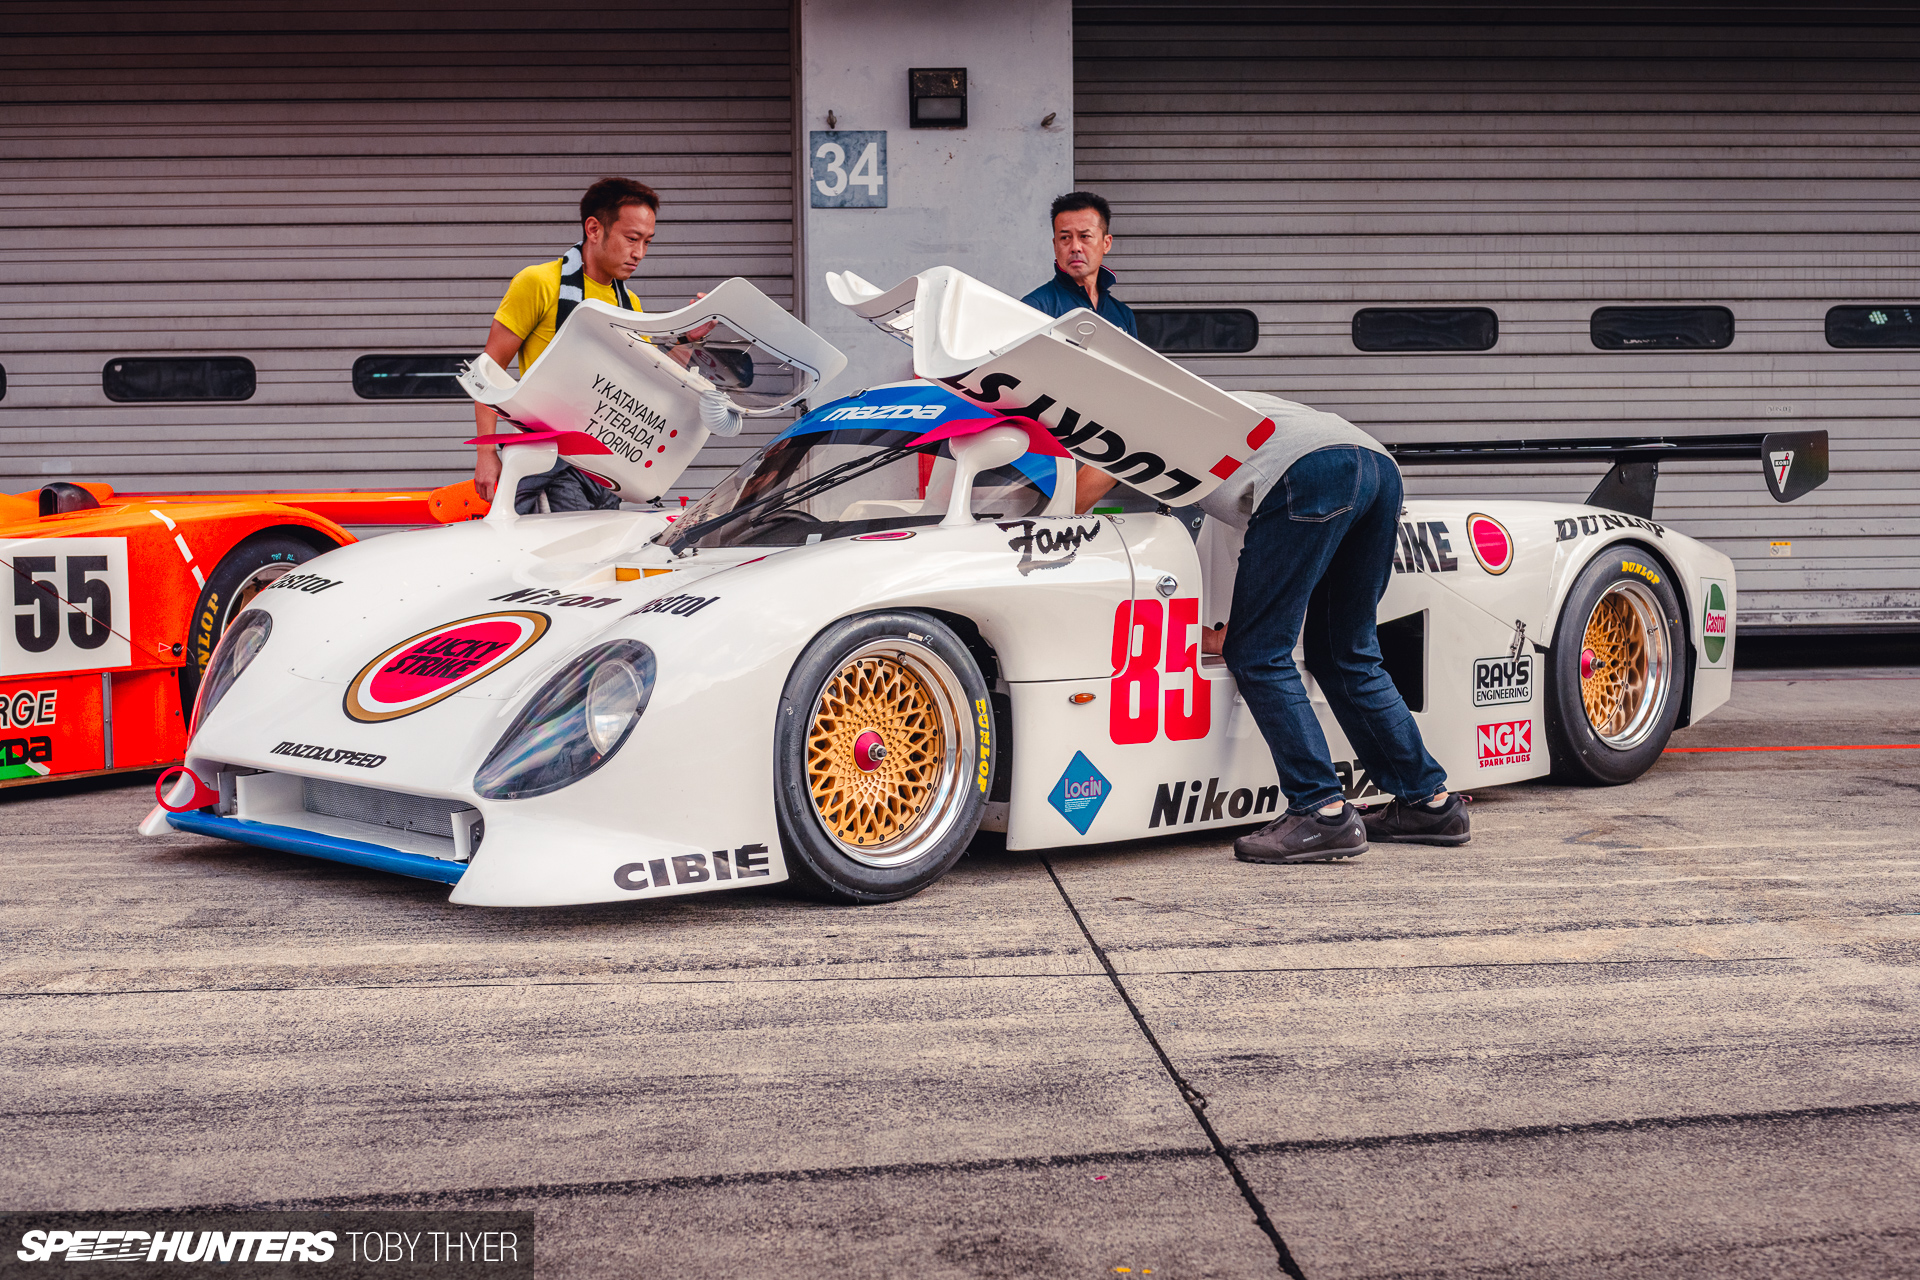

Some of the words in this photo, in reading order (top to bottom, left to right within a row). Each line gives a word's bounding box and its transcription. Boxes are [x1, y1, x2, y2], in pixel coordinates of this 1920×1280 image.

[815, 142, 883, 196] 34
[591, 373, 667, 434] Y.KATAYAMA
[820, 404, 947, 422] mazda
[584, 418, 643, 463] T.YORINO
[594, 400, 655, 449] Y.TERADA
[1392, 521, 1458, 574] IKE
[1554, 514, 1665, 543] DUNLOP
[1621, 561, 1660, 584] DUNLOP
[12, 555, 112, 653] 55
[1706, 612, 1726, 634] Castrol
[198, 592, 219, 676] NLOP
[412, 636, 511, 660] LUCKY
[383, 654, 482, 680] STRIKE
[1109, 597, 1212, 745] 85
[1476, 660, 1530, 690] RAYS
[1476, 686, 1529, 702] ENGINEERING
[975, 698, 990, 793] DUNLOP
[1478, 720, 1531, 758] NGK
[1479, 756, 1505, 769] SPARK
[1506, 753, 1531, 765] PLUGS
[1148, 777, 1280, 829] Nikon
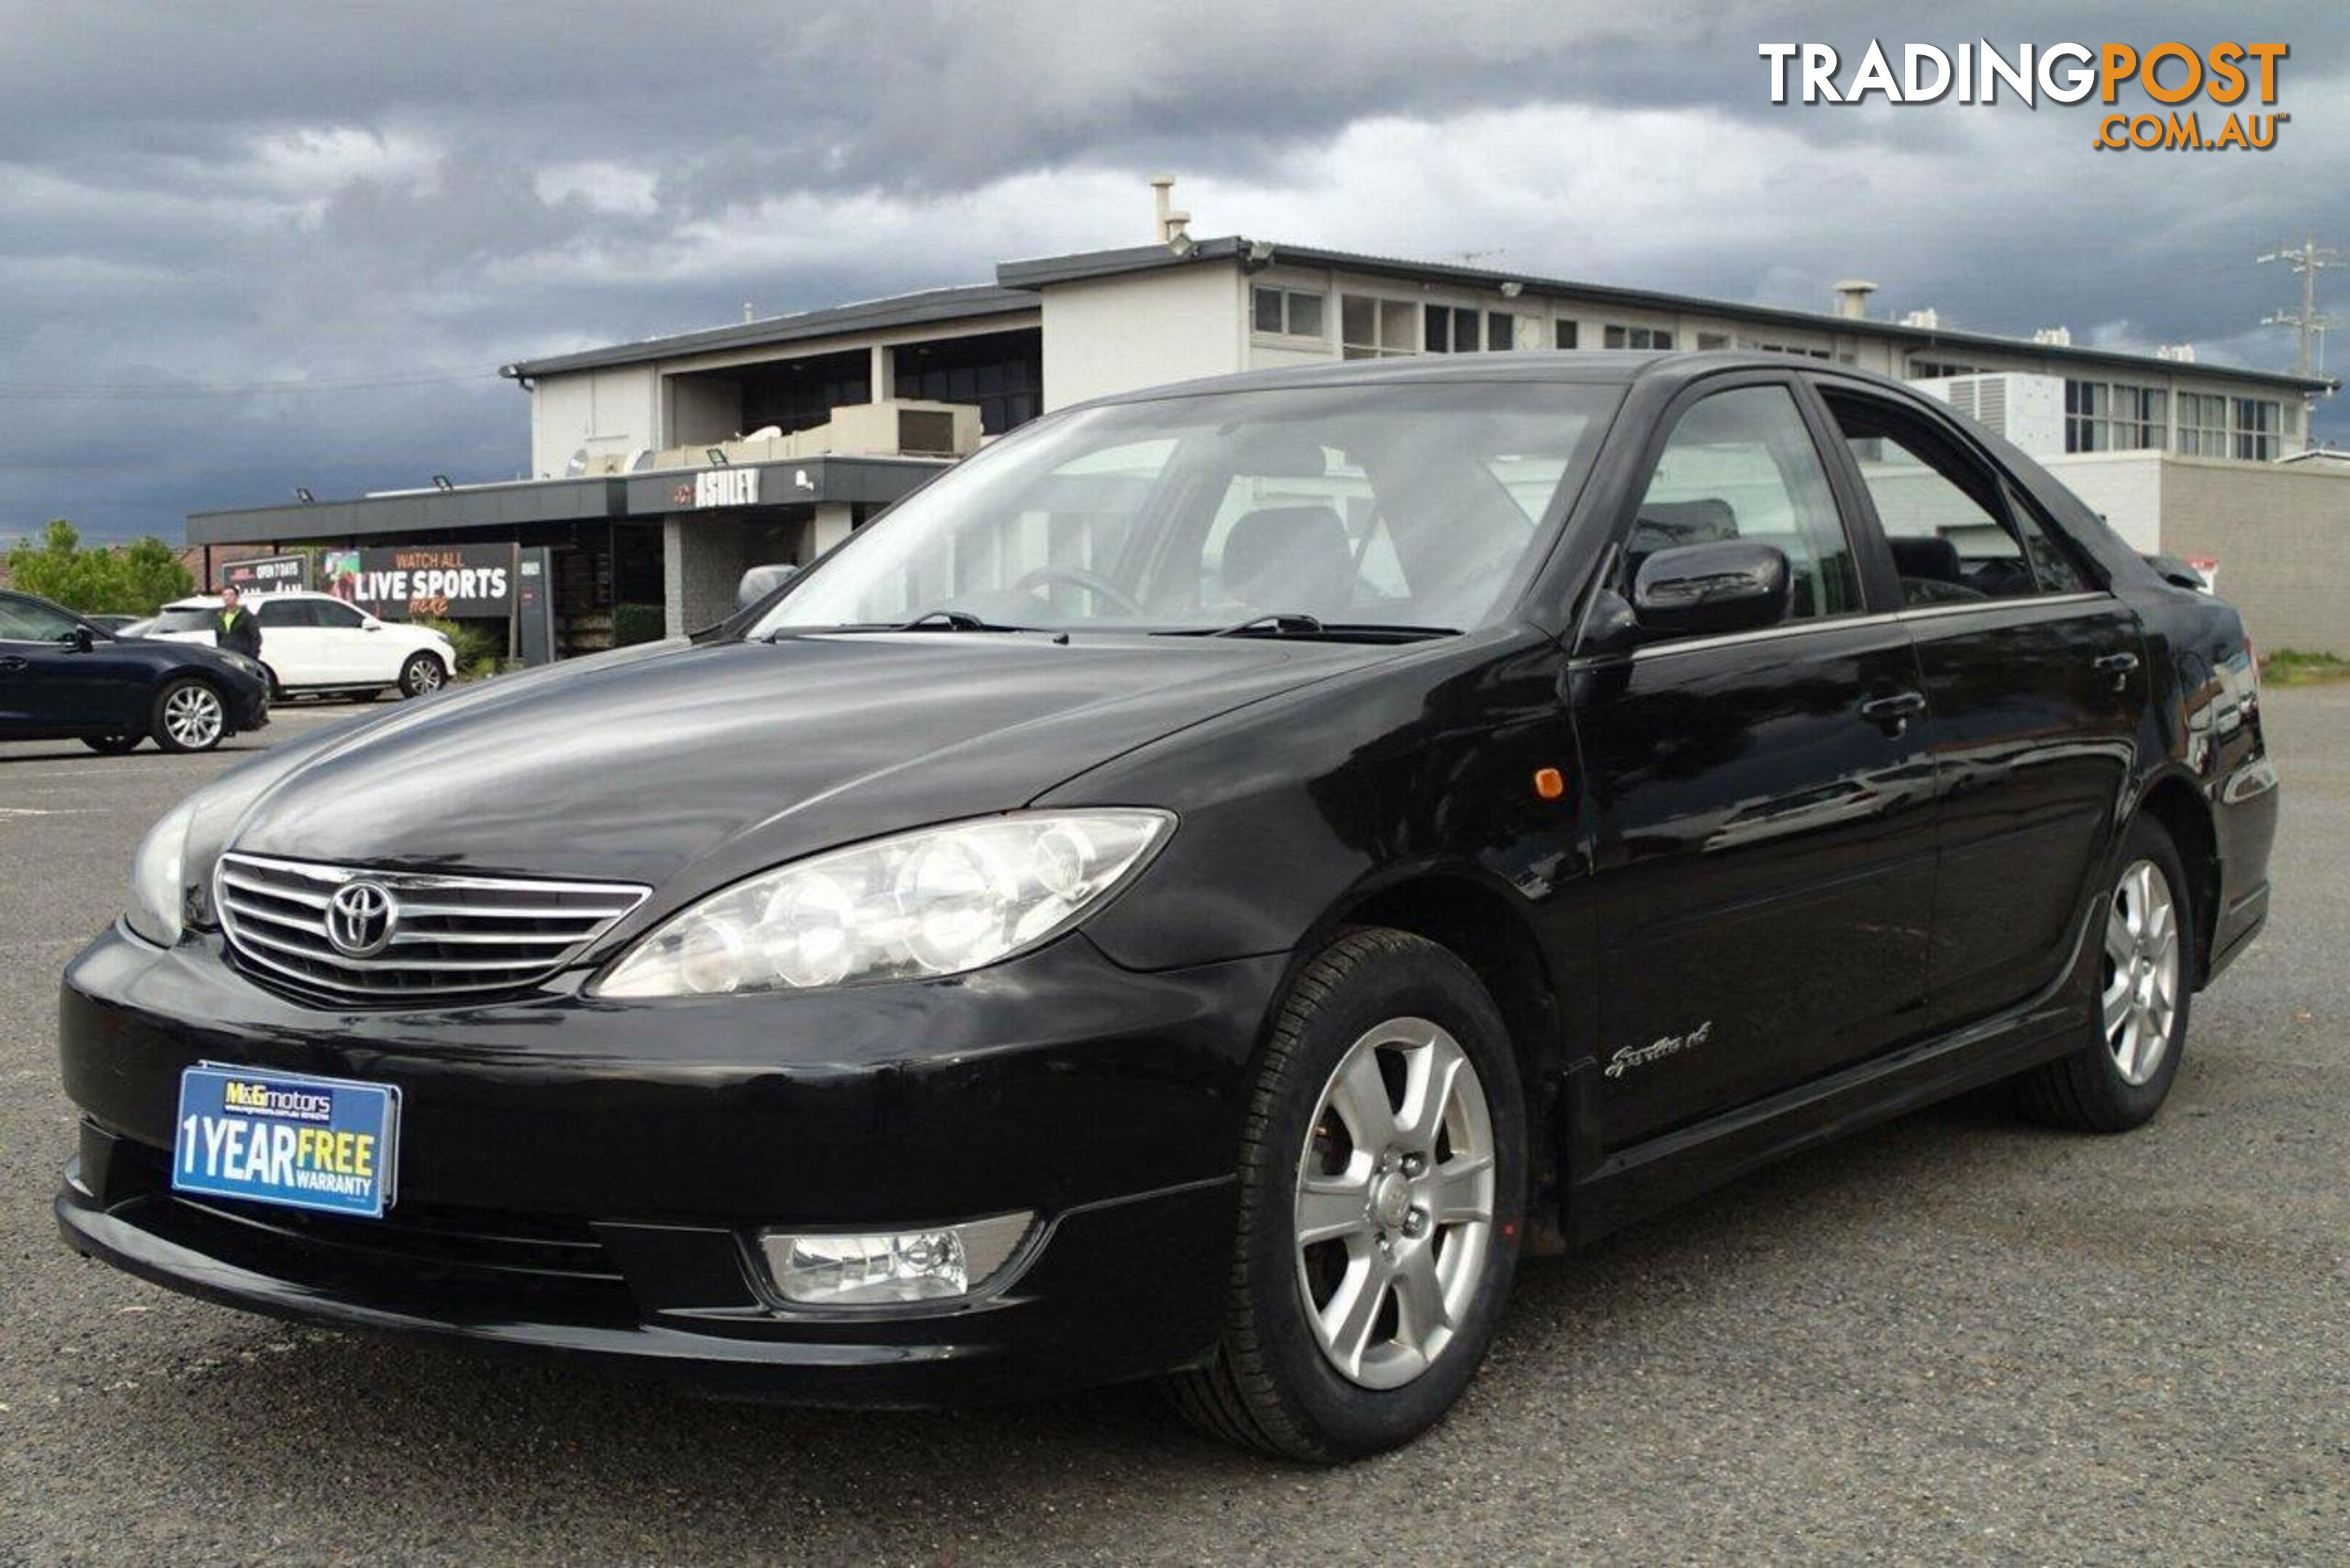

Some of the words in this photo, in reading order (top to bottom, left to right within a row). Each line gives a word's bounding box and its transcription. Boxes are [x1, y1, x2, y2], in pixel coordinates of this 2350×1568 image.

[396, 553, 438, 569] WATCH
[441, 552, 465, 568] ALL
[355, 571, 407, 601] LIVE
[412, 568, 507, 600] SPORTS
[184, 1114, 197, 1174] 1
[203, 1116, 296, 1188] YEAR
[296, 1127, 375, 1176] FREE
[296, 1169, 372, 1196] WARRANTY

::::::::

## PROBLEM DESCRIPTION
The copy should match each line above exactly and contain no images.

## ANSWER SECTION
Some of the words in this photo, in reading order (top to bottom, left to right within a row). Each line gives a word's bounding box and its transcription. Boxes are [x1, y1, x2, y2], in pixel coordinates of this 1920×1280 image.

[815, 142, 883, 196] 34
[591, 373, 667, 434] Y.KATAYAMA
[820, 404, 947, 422] mazda
[584, 418, 643, 463] T.YORINO
[594, 400, 655, 449] Y.TERADA
[1392, 521, 1458, 574] IKE
[1554, 514, 1665, 543] DUNLOP
[1621, 561, 1660, 584] DUNLOP
[12, 555, 112, 653] 55
[1706, 612, 1726, 634] Castrol
[198, 592, 219, 676] NLOP
[412, 636, 511, 660] LUCKY
[383, 654, 482, 680] STRIKE
[1109, 597, 1212, 745] 85
[1476, 660, 1530, 690] RAYS
[1476, 686, 1529, 702] ENGINEERING
[975, 698, 990, 793] DUNLOP
[1478, 720, 1531, 758] NGK
[1479, 756, 1505, 769] SPARK
[1506, 753, 1531, 765] PLUGS
[1148, 777, 1280, 829] Nikon

Some of the words in this photo, in reading order (top to bottom, left to right within a row). Each line gives a word's bounding box and its transcription. Boxes are [x1, y1, x2, y2], in pixel coordinates of this 2350×1568 image.

[396, 553, 438, 569] WATCH
[441, 552, 465, 568] ALL
[355, 571, 407, 601] LIVE
[412, 568, 507, 600] SPORTS
[184, 1114, 197, 1174] 1
[203, 1116, 296, 1188] YEAR
[296, 1127, 375, 1176] FREE
[296, 1169, 372, 1196] WARRANTY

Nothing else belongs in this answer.